At the risk of giving it more oxygen, a few words on "Verdanagate" -- the big fuss over Ikea's decision to switch its catalogue font from Futura to the more practical (and cheaper) Verdana.

The voice of reason comes from Chris Bailey, who asks whether the (largely online, heavily Tweeted) outcries of those who consider the widely-used Verdana the work of the devil should worry Ikea's customer-service reps at all.

It would seem not. As Bailey discovers with a bit of research, at IKEAFANS, an online and unofficial online fanclub for the Swedish furniture chain, the switch of font has generated "zero chatter".

In other words, those design purists who take issue with the font change may not (probably aren't) Ikea's loyal shoppers. If Bailey is right, the whole storm-in-a-teacup has revealed a more persistent problem to do with social media.
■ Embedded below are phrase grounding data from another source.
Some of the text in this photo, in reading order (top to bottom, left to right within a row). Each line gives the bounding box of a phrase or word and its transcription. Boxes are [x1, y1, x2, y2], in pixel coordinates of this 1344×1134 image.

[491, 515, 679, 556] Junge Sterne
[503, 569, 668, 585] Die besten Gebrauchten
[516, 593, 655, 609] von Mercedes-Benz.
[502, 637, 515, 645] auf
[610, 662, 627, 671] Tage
As enamoured as we are of social media's immediacy, that reliance on rapid responses may preclude deeper consideration of the points raised, or research into their validity (a point that brings to mind Nicholas Carr's article of last year, "Is Google Making Us Stupid"?)
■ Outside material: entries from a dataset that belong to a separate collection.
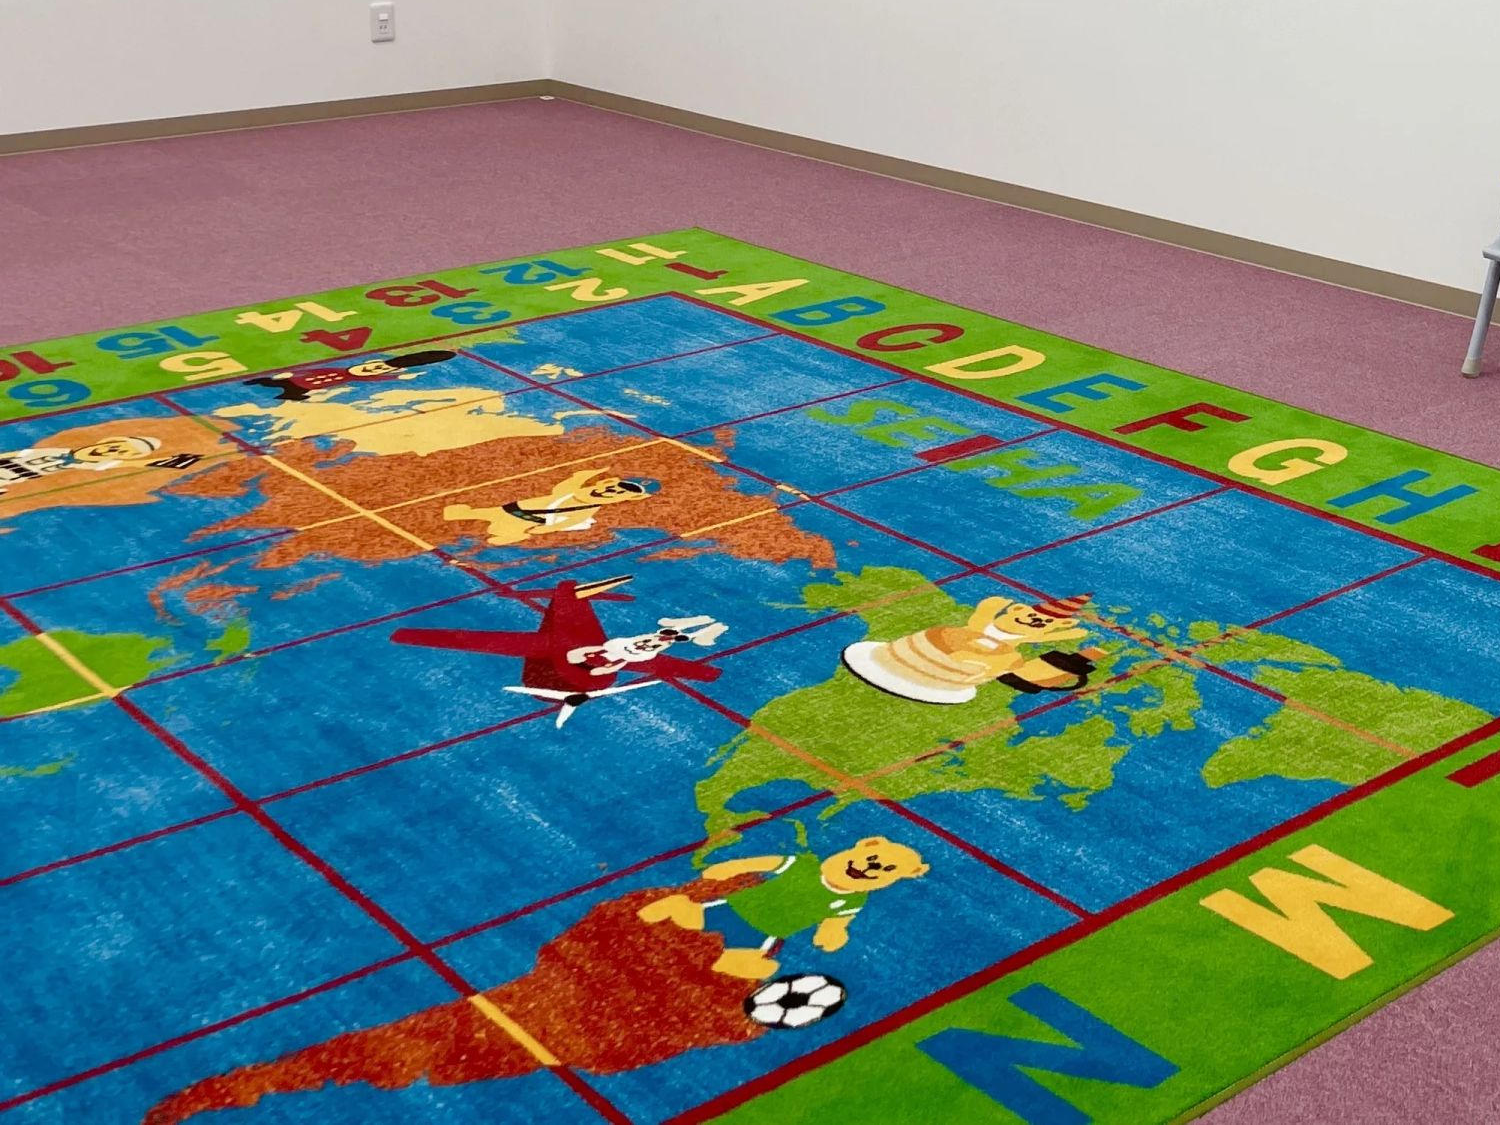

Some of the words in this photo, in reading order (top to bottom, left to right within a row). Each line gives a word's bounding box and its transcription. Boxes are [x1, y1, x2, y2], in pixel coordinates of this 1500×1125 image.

[480, 260, 592, 285] 12
[365, 279, 480, 307] 13
[544, 278, 629, 302] 2
[235, 301, 358, 333] 14
[430, 301, 512, 325] 3
[96, 326, 220, 359] 15
[299, 327, 373, 352] 4
[0, 351, 75, 382] 1
[159, 351, 248, 381] 5
[694, 278, 810, 306] A
[768, 296, 886, 326] B
[857, 323, 964, 352] C
[924, 345, 1046, 379] D
[1014, 372, 1149, 413] E
[1112, 402, 1253, 436] F
[1227, 438, 1349, 486] G
[1327, 469, 1479, 525] H
[805, 398, 1145, 520] SEIHA
[1199, 843, 1456, 980] M
[914, 982, 1181, 1125] N
Should corporates relent if the blogosphere comes down too heavily on their branding choices? Pepsi dropped its Tropicana re-brand after the public gave it the thumbs down, and the Ikea drama's already earned itself an entry on Wikipedia, which might be enough to ruffle any brand manager's composure.

Twitter's users number in the millions, Facebook's in the hundreds of millions -- so it's hardly surprising businesses are actively encouraged to build their social media profiles so they can listen and respond to customers. How they should respond is largely unproven.

Is it smart, for example, to use Twitter as "an early warning system to detect trouble coming over the hill", as BNET reader Paul Harvey observed on an earlier post on this blog? While it appears to be working for some (he's got a thread on Carphone Warehouse's success here), it's easy to see how a business could start running up blind alleys and become snagged on issues that are not core to its customer service.

According to type design expert Simon Garfield, the change matters -- there are more copies of the Ikea catalogue printed each year than the Bible", meaning it "has adopted a cloak of heavy responsibility".

Maybe among typeface purists. But among the flat-pack fan club, it'll take more than a font alteration to dent their ardour. As one IKEAFAN tweet goes, "If IKEA was a person, I would marry it." Still somebody's type, then.